• [How to complete this task] Every entry has to be restated word for word.

================

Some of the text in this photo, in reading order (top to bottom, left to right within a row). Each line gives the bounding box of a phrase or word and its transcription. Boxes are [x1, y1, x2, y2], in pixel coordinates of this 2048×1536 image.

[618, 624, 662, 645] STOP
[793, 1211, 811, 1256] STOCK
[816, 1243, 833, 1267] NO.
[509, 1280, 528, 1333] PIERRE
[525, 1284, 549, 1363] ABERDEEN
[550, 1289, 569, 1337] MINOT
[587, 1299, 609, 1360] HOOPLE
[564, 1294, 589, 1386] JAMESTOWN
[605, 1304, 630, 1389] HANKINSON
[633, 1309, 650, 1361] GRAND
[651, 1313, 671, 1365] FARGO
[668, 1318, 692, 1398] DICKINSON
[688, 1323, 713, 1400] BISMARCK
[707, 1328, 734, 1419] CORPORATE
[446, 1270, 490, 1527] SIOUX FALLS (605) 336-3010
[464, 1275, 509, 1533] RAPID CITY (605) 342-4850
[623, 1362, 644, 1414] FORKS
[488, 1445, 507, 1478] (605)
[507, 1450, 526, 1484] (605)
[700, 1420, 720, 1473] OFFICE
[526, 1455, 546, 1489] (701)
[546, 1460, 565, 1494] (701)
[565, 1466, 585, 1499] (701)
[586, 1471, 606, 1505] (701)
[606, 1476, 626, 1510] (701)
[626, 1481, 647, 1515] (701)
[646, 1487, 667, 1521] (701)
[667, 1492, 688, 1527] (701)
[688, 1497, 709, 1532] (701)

================

• [Answer area]
Some of the text in this photo, in reading order (top to bottom, left to right within a row). Each line gives the bounding box of a phrase or word and its transcription. Boxes are [x1, y1, x2, y2], in pixel coordinates of this 2048×1536 image.

[618, 624, 662, 645] STOP
[793, 1211, 811, 1256] STOCK
[816, 1243, 833, 1267] NO.
[509, 1280, 528, 1333] PIERRE
[525, 1284, 549, 1363] ABERDEEN
[550, 1289, 569, 1337] MINOT
[587, 1299, 609, 1360] HOOPLE
[564, 1294, 589, 1386] JAMESTOWN
[605, 1304, 630, 1389] HANKINSON
[633, 1309, 650, 1361] GRAND
[651, 1313, 671, 1365] FARGO
[668, 1318, 692, 1398] DICKINSON
[688, 1323, 713, 1400] BISMARCK
[707, 1328, 734, 1419] CORPORATE
[446, 1270, 490, 1527] SIOUX FALLS (605) 336-3010
[464, 1275, 509, 1533] RAPID CITY (605) 342-4850
[623, 1362, 644, 1414] FORKS
[488, 1445, 507, 1478] (605)
[507, 1450, 526, 1484] (605)
[700, 1420, 720, 1473] OFFICE
[526, 1455, 546, 1489] (701)
[546, 1460, 565, 1494] (701)
[565, 1466, 585, 1499] (701)
[586, 1471, 606, 1505] (701)
[606, 1476, 626, 1510] (701)
[626, 1481, 647, 1515] (701)
[646, 1487, 667, 1521] (701)
[667, 1492, 688, 1527] (701)
[688, 1497, 709, 1532] (701)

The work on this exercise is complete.